There are two principal schools of thought on how to approach the war of ideas. The first approach advocates treating the conflict as a matter best addressed through public diplomacy—defined as the conveyance of information across a broad spectrum to include cultural affairs and political action. Accordingly, this view calls for revitalizing or transforming the U.S. Department of State and many of the traditional tools of statecraft. This school of thought contends that American public diplomacy declined after the Cold War, as evidenced by the demise of the U.S. Information Agency in 1999, and the reduction or elimination of strategic communications programs such as "Voice of America," and Radio Free Europe/Radio Liberty. The remedy, then, according to this view, is to re-engage the world, especially the Arab-Muslim world, by revitalizing both the form and content of U.S. public diplomacy and strategic communications, and by reinforcing those communications with concrete programs that invest in people, create opportunities for positive exchanges, and help build friendships. In fact, Radio Free Europe/Radio Liberty, and its Iraqi component, Radio Free Iraq, and Al-Hurra TV are now actively participating in U.S. strategic communication efforts, though with debatable effectiveness; all this has occurred, in part, by taking resources from Voice of America.

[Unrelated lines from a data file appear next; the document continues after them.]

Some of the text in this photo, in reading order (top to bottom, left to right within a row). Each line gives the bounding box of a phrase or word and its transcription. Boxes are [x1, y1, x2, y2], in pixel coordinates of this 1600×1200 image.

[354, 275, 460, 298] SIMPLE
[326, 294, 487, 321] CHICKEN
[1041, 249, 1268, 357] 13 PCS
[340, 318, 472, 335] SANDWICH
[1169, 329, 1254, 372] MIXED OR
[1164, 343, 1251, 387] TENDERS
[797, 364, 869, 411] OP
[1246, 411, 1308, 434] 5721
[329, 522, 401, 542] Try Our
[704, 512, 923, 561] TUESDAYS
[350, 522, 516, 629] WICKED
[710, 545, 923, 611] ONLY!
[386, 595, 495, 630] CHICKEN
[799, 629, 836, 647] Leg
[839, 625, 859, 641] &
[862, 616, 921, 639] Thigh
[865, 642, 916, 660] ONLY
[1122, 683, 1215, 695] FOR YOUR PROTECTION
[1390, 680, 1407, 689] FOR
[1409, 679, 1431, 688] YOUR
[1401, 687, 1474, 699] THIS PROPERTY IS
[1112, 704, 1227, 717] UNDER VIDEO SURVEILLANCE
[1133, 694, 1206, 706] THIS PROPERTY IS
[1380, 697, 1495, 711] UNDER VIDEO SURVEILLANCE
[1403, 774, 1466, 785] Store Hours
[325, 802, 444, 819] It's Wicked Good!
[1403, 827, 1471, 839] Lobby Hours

In direct contrast, the second school of thought advocates treating the war of ideas as a "real war," wherein the objective is to destroy the influence and credibility of the opposing ideology, to include neutralizing its chief proponents. This approach sees public diplomacy as an essential, but insufficient tool because it requires too much time to achieve desired results, and does little to aid the immediate efforts of combat forces in the field. For this school of thought, the principal focus of the war of ideas ought to be how to use the ways and means of information warfare to eliminate terrorist groups.

Use during the Cold War

According to Dr. John Lenczowski, former Director of European and Soviet Affairs for the National Security Council during the Reagan administration, 'The Cold War took many forms, including proxy wars, the arms race, nuclear blackmail, economic warfare, subversion, covert operations and the battle for men's minds. While many of these forms had the trappings of traditional conflicts of national interests, there was a dimension to the Cold War that made it unique among wars: it centered around a war of ideas—a war between two alternative political philosophies.

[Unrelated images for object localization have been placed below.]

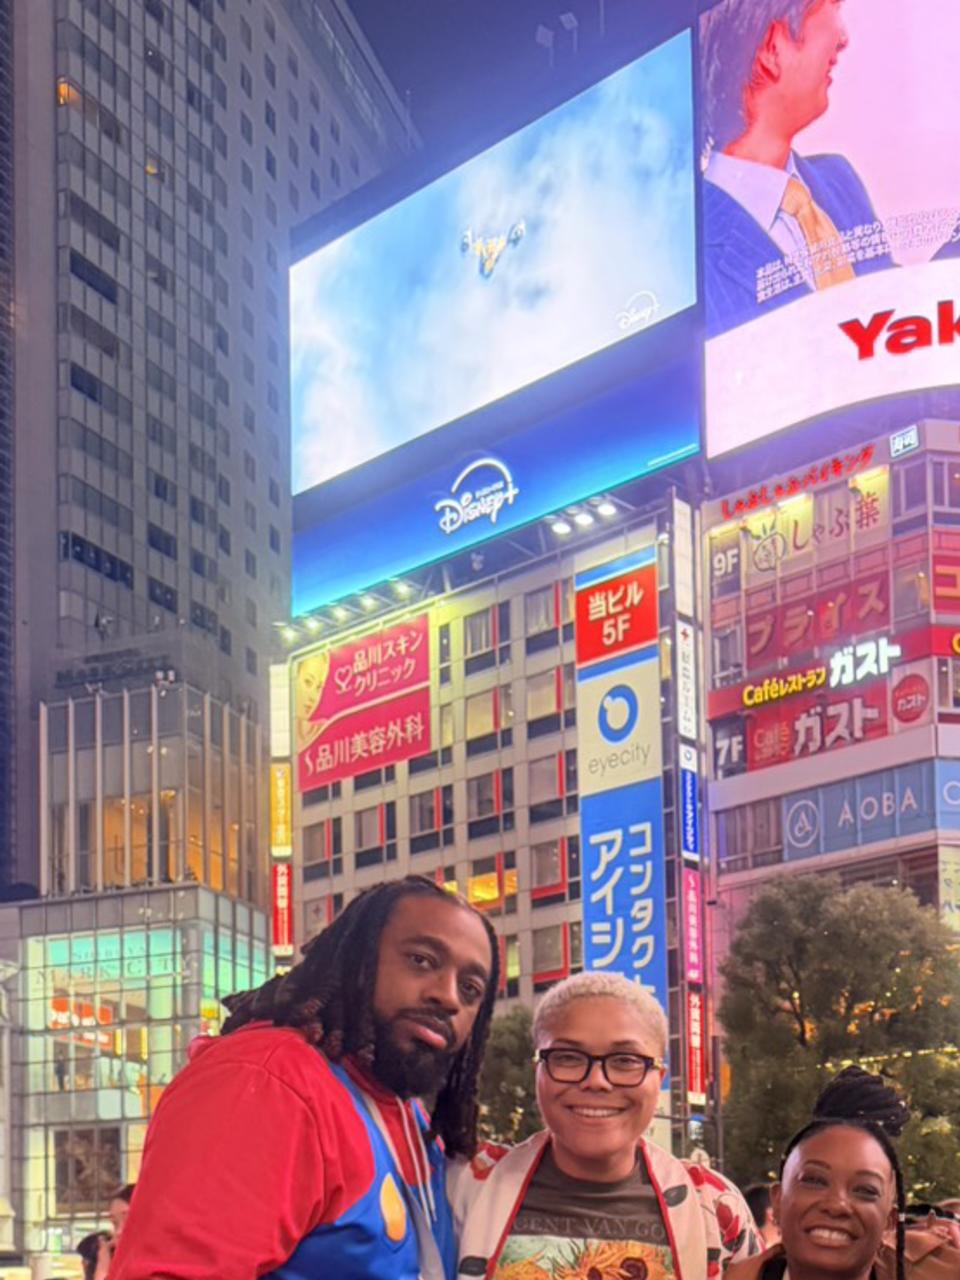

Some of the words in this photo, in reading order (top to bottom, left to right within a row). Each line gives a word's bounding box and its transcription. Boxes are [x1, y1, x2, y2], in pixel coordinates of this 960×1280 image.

[720, 443, 876, 521] しゃぶしゃぶバイキング
[434, 478, 520, 535] Disney+
[792, 491, 881, 551] しゃぶ葉
[713, 549, 739, 577] 9F
[588, 581, 645, 622] 当ビル
[353, 629, 424, 674] 品川スキン
[602, 613, 632, 647] 5F
[355, 657, 417, 698] クリニック
[829, 634, 902, 689] ガスト
[316, 712, 425, 774] 品川美容外科
[794, 697, 880, 756] ガスト
[587, 741, 652, 778] eyecity
[716, 735, 744, 766] 7F
[837, 785, 918, 828] AOBA
[589, 828, 625, 976] アイシ
[513, 1215, 577, 1234] CENT
[584, 1216, 627, 1236] VAN
[635, 1219, 667, 1239] GO

During the Cold War, the United States and other Western powers developed a robust infrastructure for waging a war of ideas against the communist ideology being promulgated by the Soviet Union and its allies. During the administrations of Harry S. Truman and Dwight D. Eisenhower, the so-called golden age of U.S. propaganda, counterpropaganda, and public diplomacy operations, the U.S. government carried out a sophisticated program of overt and covert activities designed to shape public opinion behind the Iron Curtain, within European intellectual and cultural circles, and across the developing world. The United States was able to reach as much as 50–70% of the populations behind the Iron Curtain during the 1950s through their international broadcasting. High-level interest in such operations waned during the 1970s, but received renewed emphasis under President Ronald Reagan, the Great Communicator, who, like Dwight D. Eisenhower, was a firm advocate of the informational component of America's Cold War strategy.

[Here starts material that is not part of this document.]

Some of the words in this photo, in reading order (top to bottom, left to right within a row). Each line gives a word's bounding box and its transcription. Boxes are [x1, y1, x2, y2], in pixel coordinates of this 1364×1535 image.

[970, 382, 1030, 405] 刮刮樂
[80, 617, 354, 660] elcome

However, with the end of the Cold War official interest once again plummeted. During the 1990s, Congress and the executive branch disparaged informational activities as costly Cold War anachronisms. The budget for State Department informational programs was slashed, and USIA, a quasi-independent body that reported to the secretary of state, was disestablished, and its responsibilities were transferred to a new undersecretary of state for public diplomacy.

Use in the War on Terror

Terrorism is a form of political and psychological warfare; it is protracted, high-intensity propaganda, aimed more at the hearts of the public and the minds of decision makers, and not at the physical victims. There is growing recognition among U.S. government officials, journalists, and analysts of terrorism that defeating al-Qaida— arguably the preeminent challenge to U.S. security—will require far more than neutralizing leaders, disrupting cells, and dismantling networks. The 9/11 Commission concluded in its final report, eliminating al-Qaida as a formidable danger ultimately requires prevailing in the longer term over the ideology that gives rise to Islamist terrorism."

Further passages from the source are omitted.